Working programmers are craftspeople. We learn as we go, from code we’re exposed to, prose we read, and people we work with.
I have a list in my head of books and papers that played an outsize role in shaping my programming sensibilities. It’s fuzzy around the edges, because I’ve never written it down. But it includes some of the classics: SICP, Knuth, The Mythical Man Month, Programming Pearls, Introduction to Algorithms, The C Programming Language.
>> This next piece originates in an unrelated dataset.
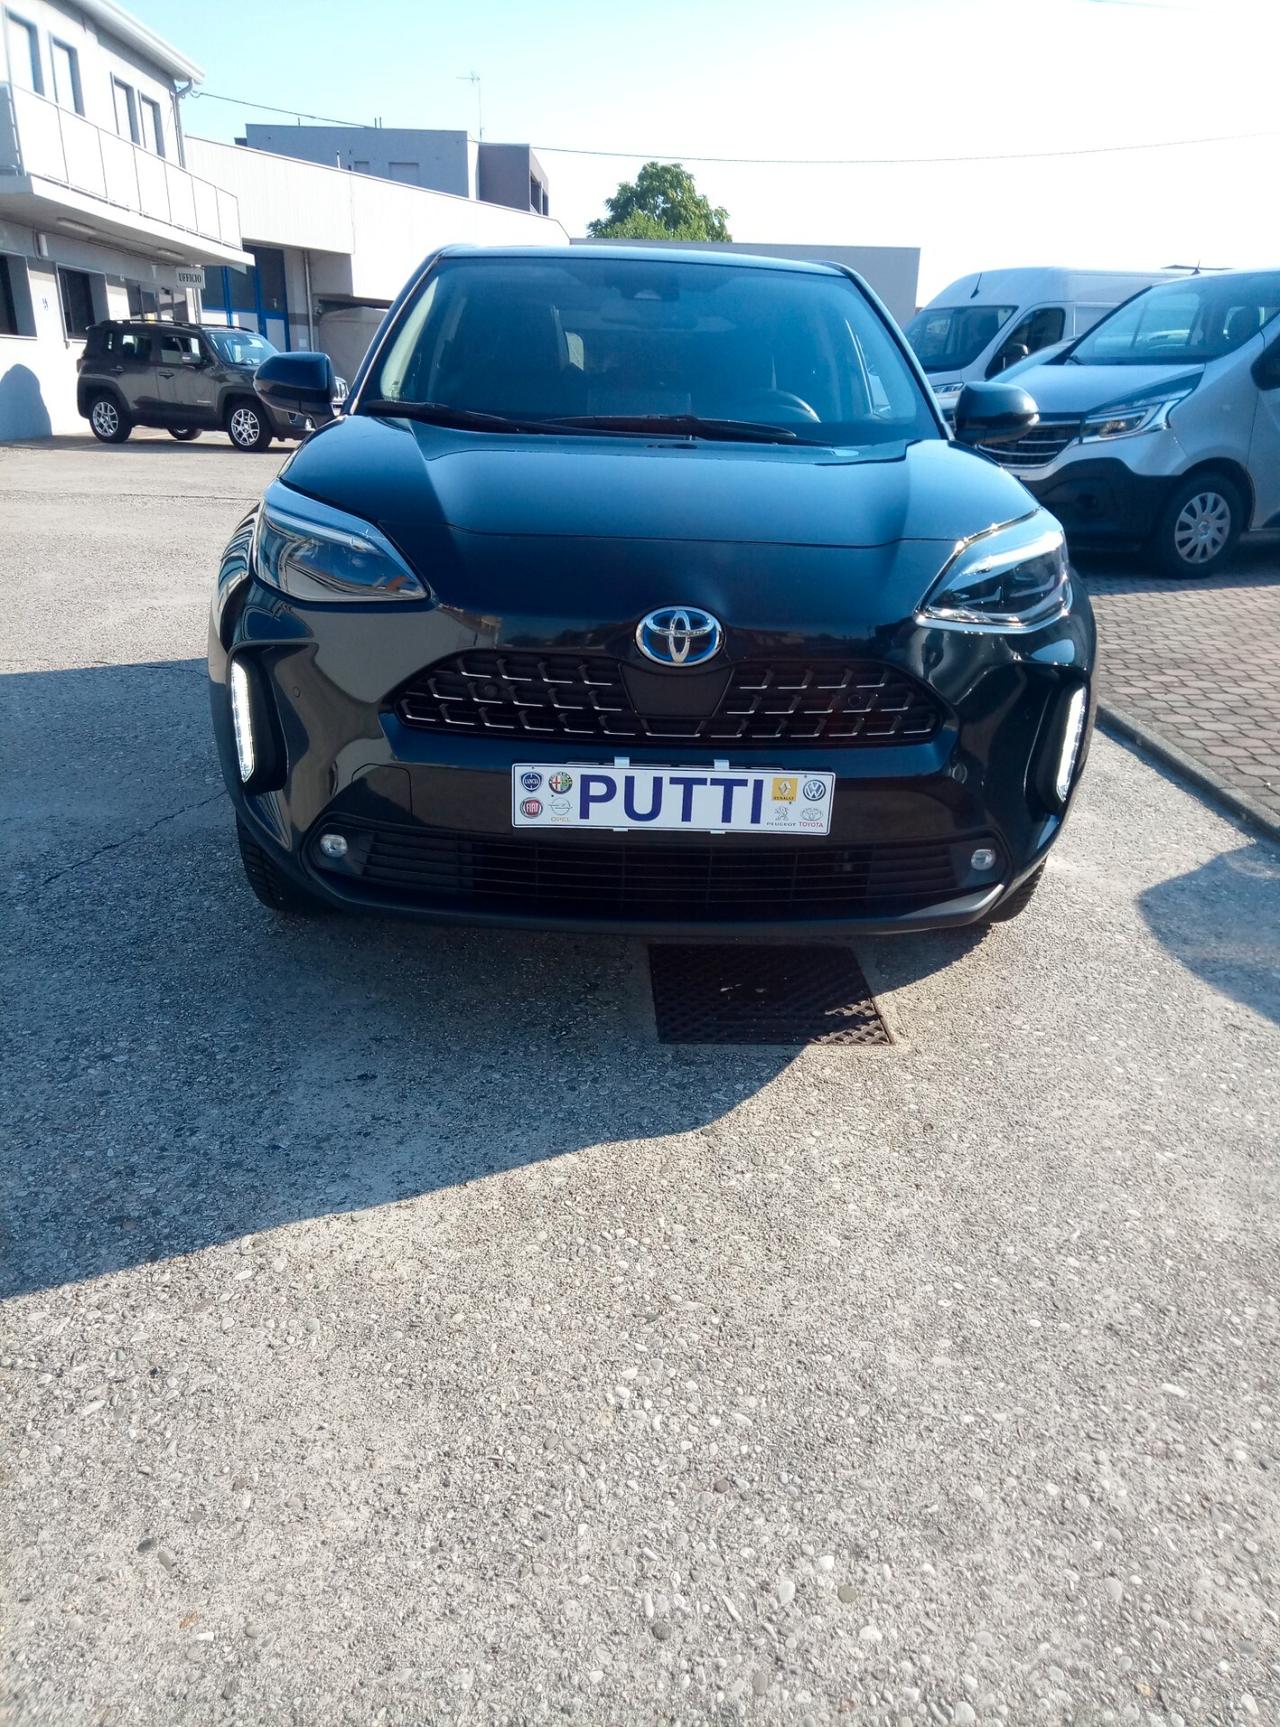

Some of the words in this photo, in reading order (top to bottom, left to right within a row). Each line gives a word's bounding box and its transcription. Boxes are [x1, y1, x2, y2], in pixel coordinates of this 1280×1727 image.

[179, 272, 202, 283] UFFICIO
[579, 773, 764, 824] PUTTI
[526, 803, 539, 813] FIAT
And also some things I read at particular times in my life that sent me off in new directions: Danny Hillis’ thesis, Mitchel Resnick’s book that describes how to think about massive parallelism, Alan Kay on Smalltalk, some of the papers on Self from the early 90s, On Lisp and Lisp in Small Pieces, Compiling with Continuations.
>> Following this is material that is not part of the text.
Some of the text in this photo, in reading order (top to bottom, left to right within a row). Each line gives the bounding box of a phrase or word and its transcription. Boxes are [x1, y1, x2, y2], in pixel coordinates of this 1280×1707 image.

Recently, a friend asked for brain-food suggestions, and the discussion that followed made me realize that, in addition to “obvious classics,” like the ones listed above, I am a big fan of a handful of works that are a bit less well known, but no less worth spending time with.
The Implementation of Functional Programming Languages (1987)
The Implementation of Functional Programming Languages (1987) is a book-length tutorial on high-level functional languages, the lambda calculus, and graph reduction.
Implementing Lazy Functional Languages on Stock Hardware: The Spineless Tagless G-machine (1992) builds on the final section of the book, describing a compiler for functional languages that produces efficient code.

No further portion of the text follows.